((

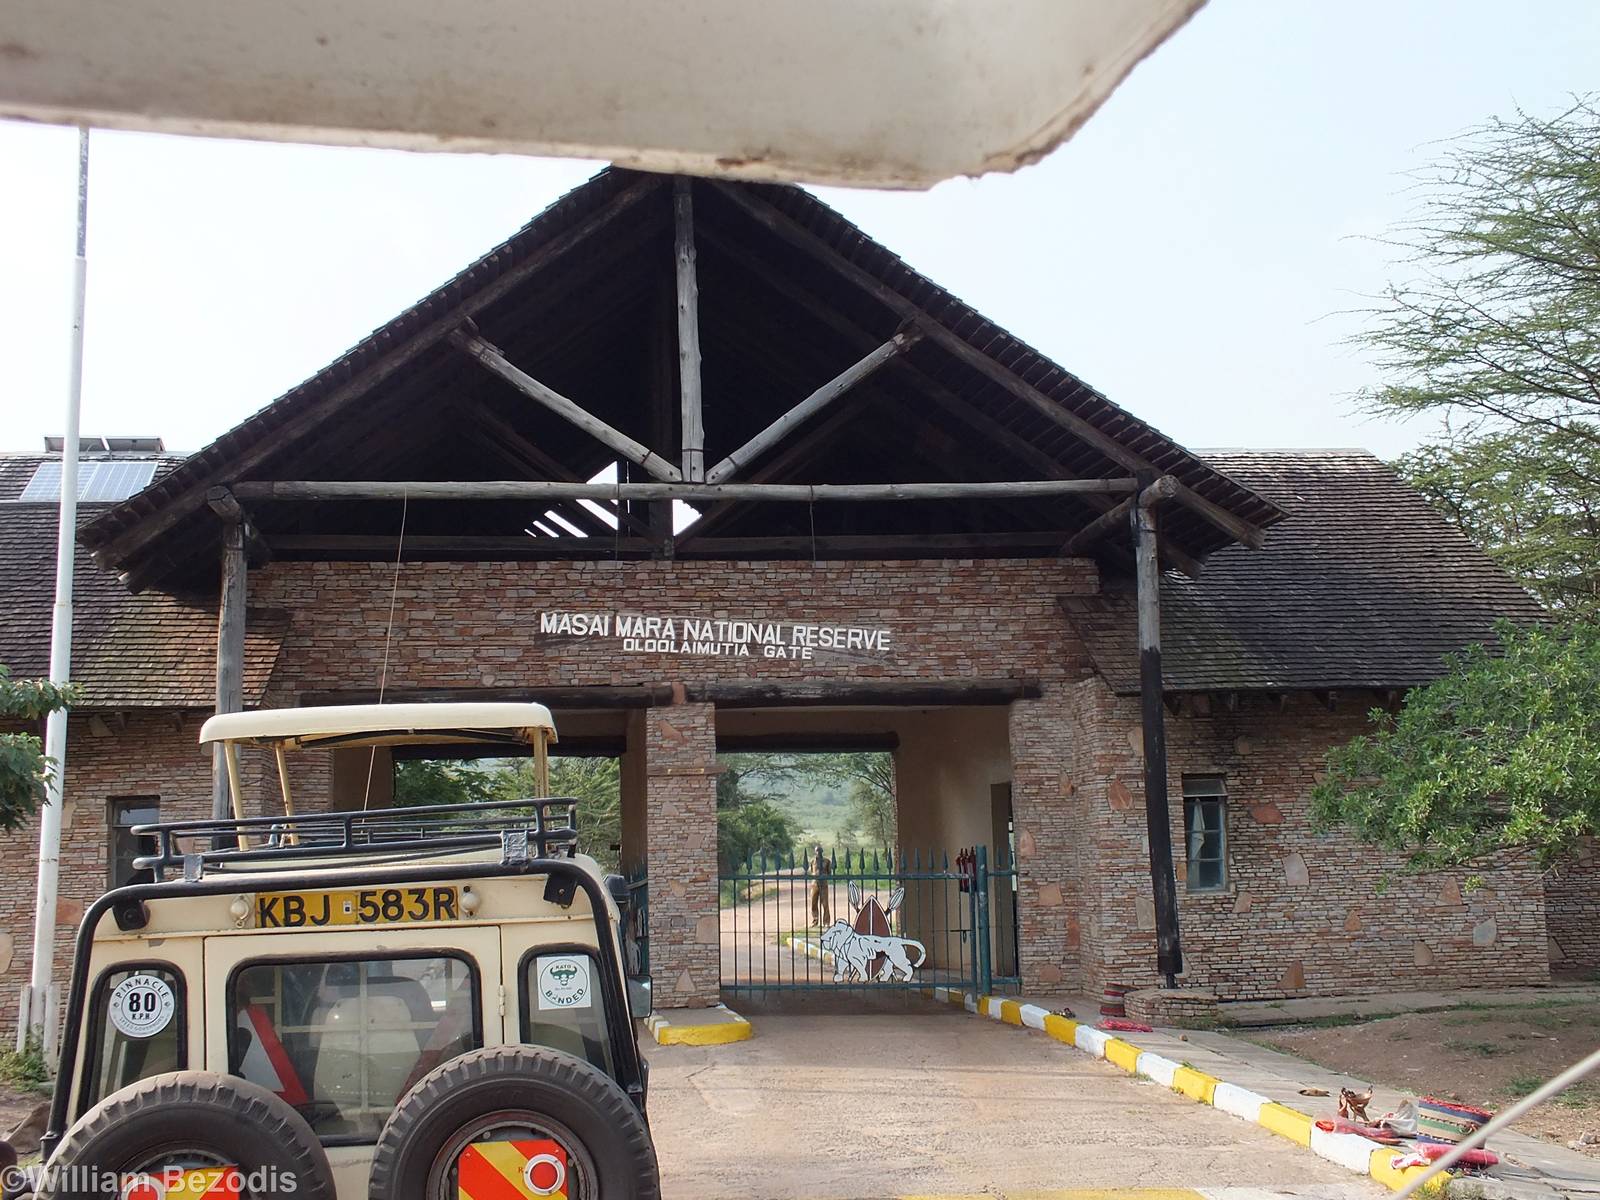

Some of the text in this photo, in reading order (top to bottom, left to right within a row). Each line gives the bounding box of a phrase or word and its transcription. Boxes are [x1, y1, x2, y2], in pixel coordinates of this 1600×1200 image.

[541, 613, 891, 651] MASAI MARA NATIONAL RESERVE
[623, 638, 812, 660] OLOOLAIMUTIA GATE
[259, 887, 456, 928] KBJ 583R
[115, 978, 169, 998] PINNACLE
[129, 992, 156, 1012] 80
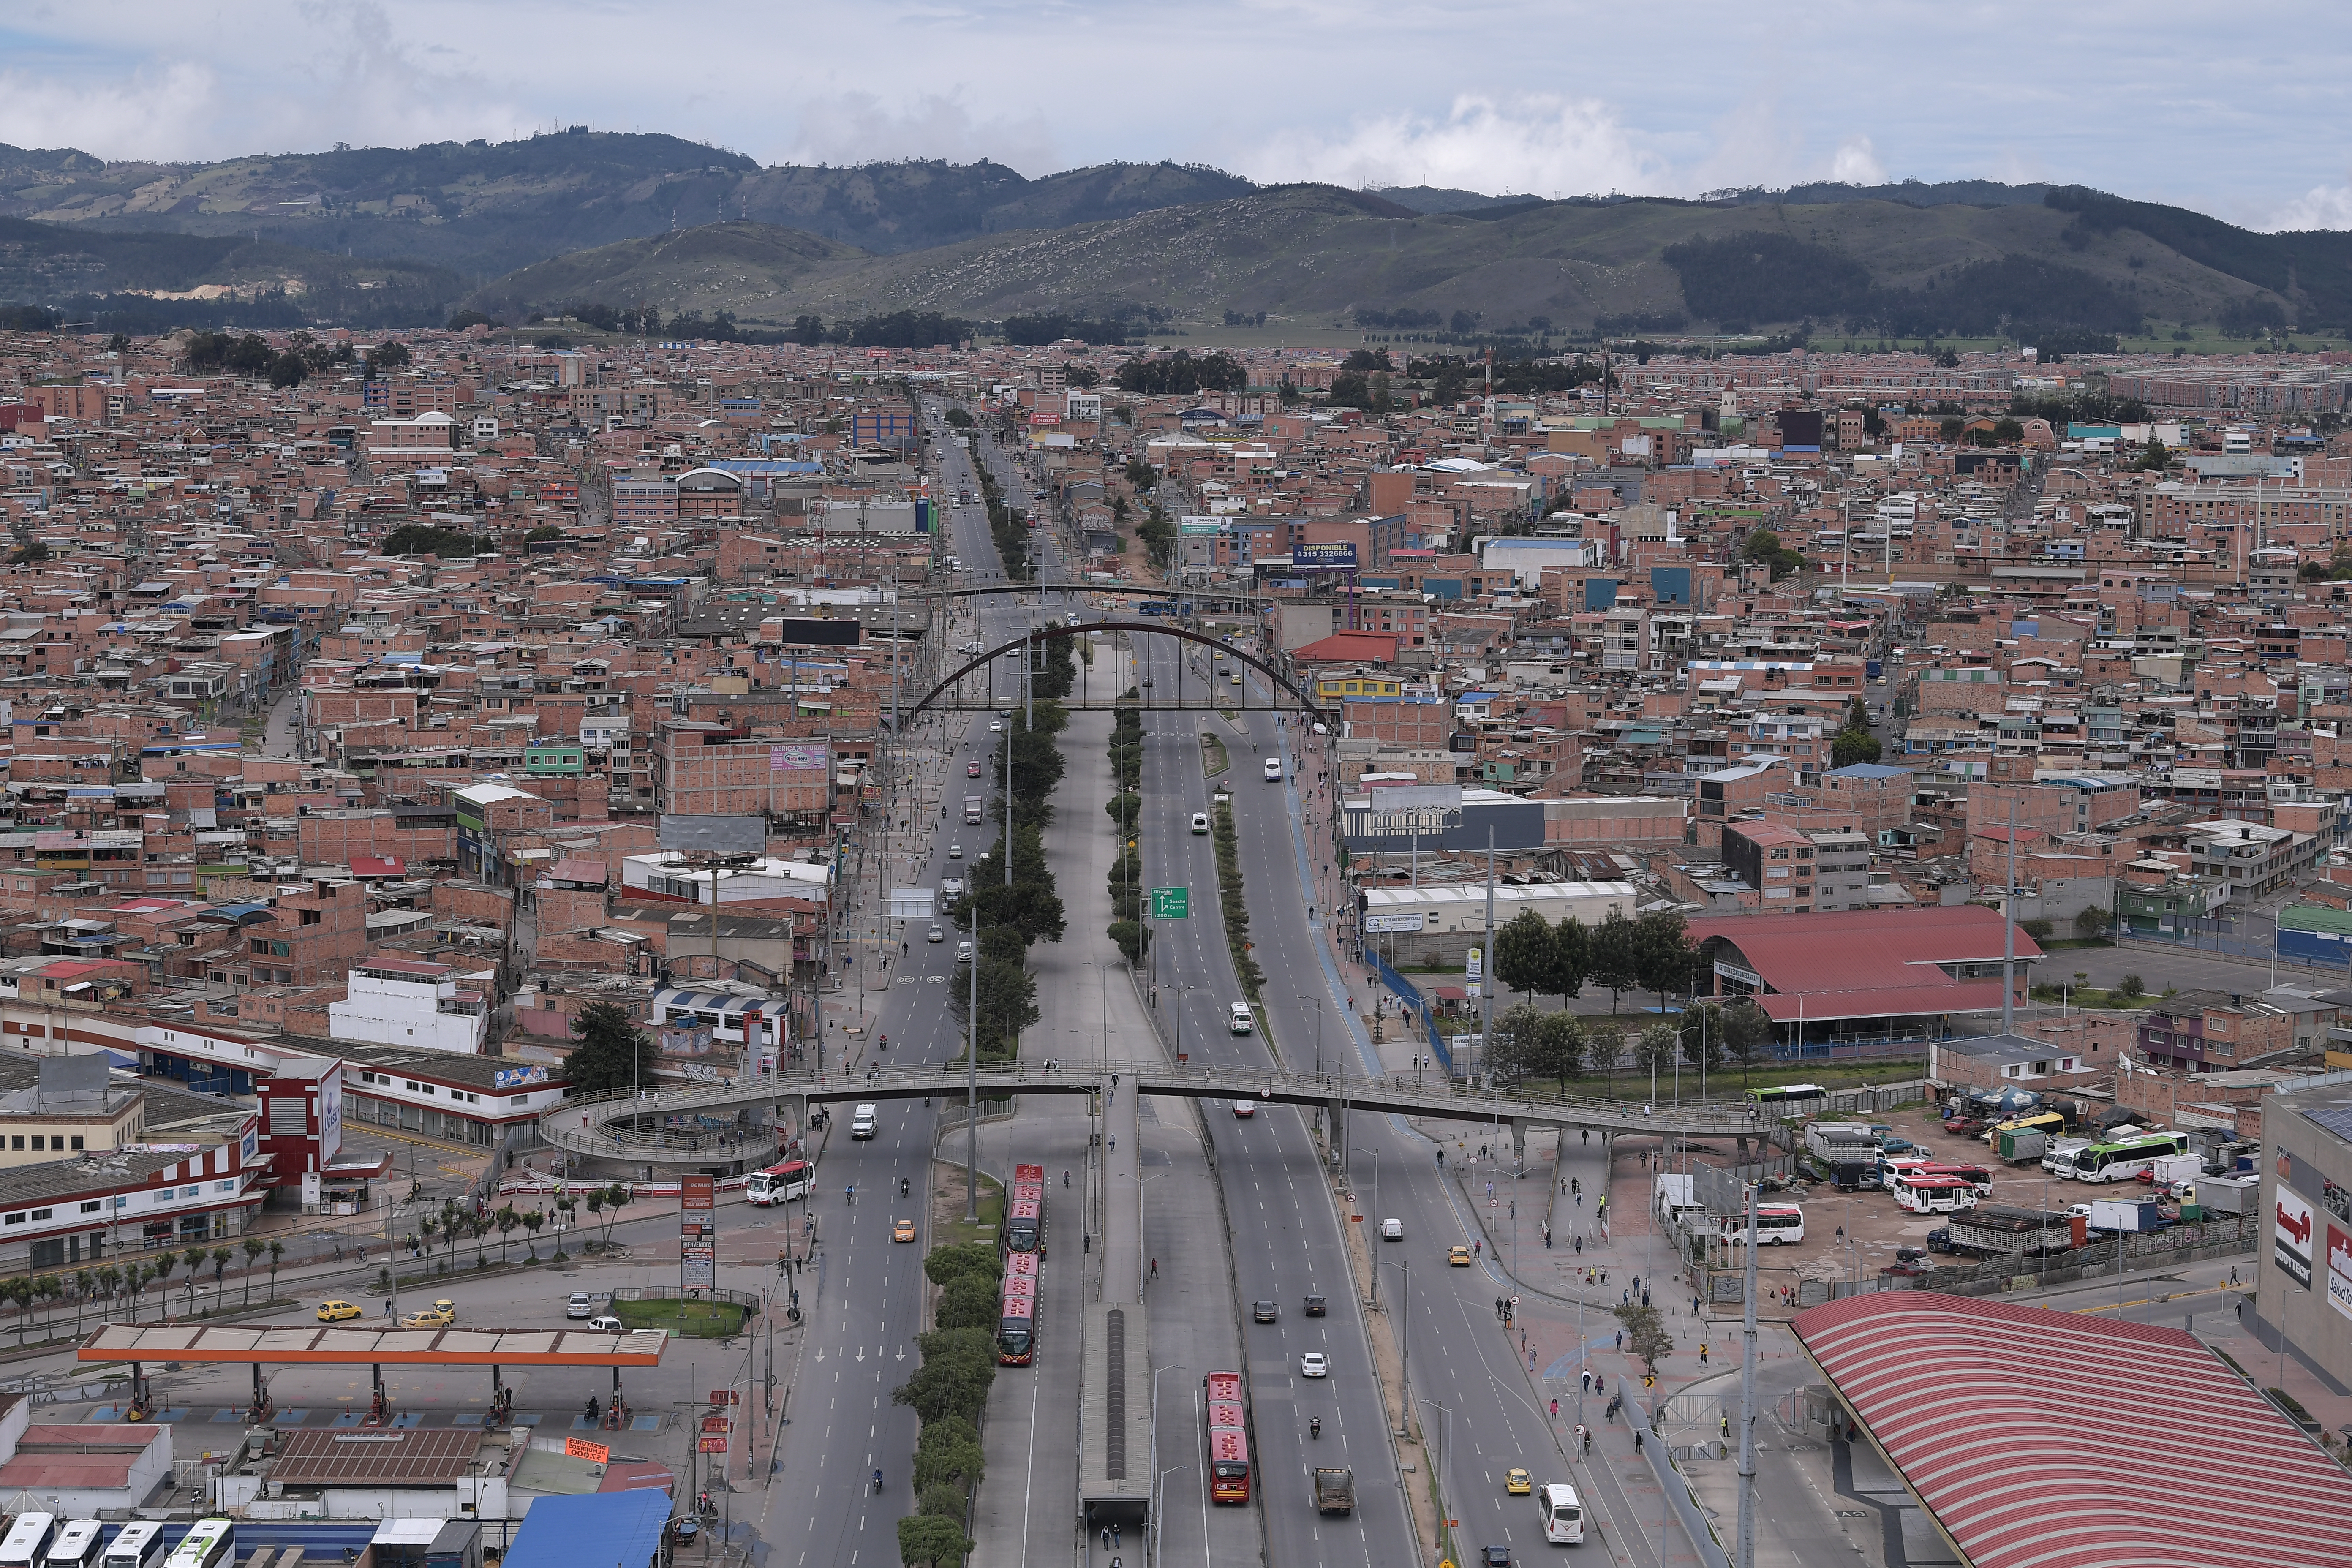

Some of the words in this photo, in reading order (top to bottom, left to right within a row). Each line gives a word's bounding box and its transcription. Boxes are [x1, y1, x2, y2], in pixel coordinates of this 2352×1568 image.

[1719, 964, 1731, 974] REVISIÓN
[1731, 968, 1742, 977] TÉCNICO
[1742, 971, 1756, 981] MECÁNICA
[324, 1112, 340, 1132] Unisur
[2275, 1247, 2308, 1281] BODYTECH

))

(Directions for this task) Return the lines beginning at the one that contains "Some of the words" and continuing through the last line of the data, exactly as they stand and without any others.

(Expected output)
Some of the words in this photo, in reading order (top to bottom, left to right within a row). Each line gives a word's bounding box and its transcription. Boxes are [x1, y1, x2, y2], in pixel coordinates of this 2352×1568 image.

[1719, 964, 1731, 974] REVISIÓN
[1731, 968, 1742, 977] TÉCNICO
[1742, 971, 1756, 981] MECÁNICA
[324, 1112, 340, 1132] Unisur
[2275, 1247, 2308, 1281] BODYTECH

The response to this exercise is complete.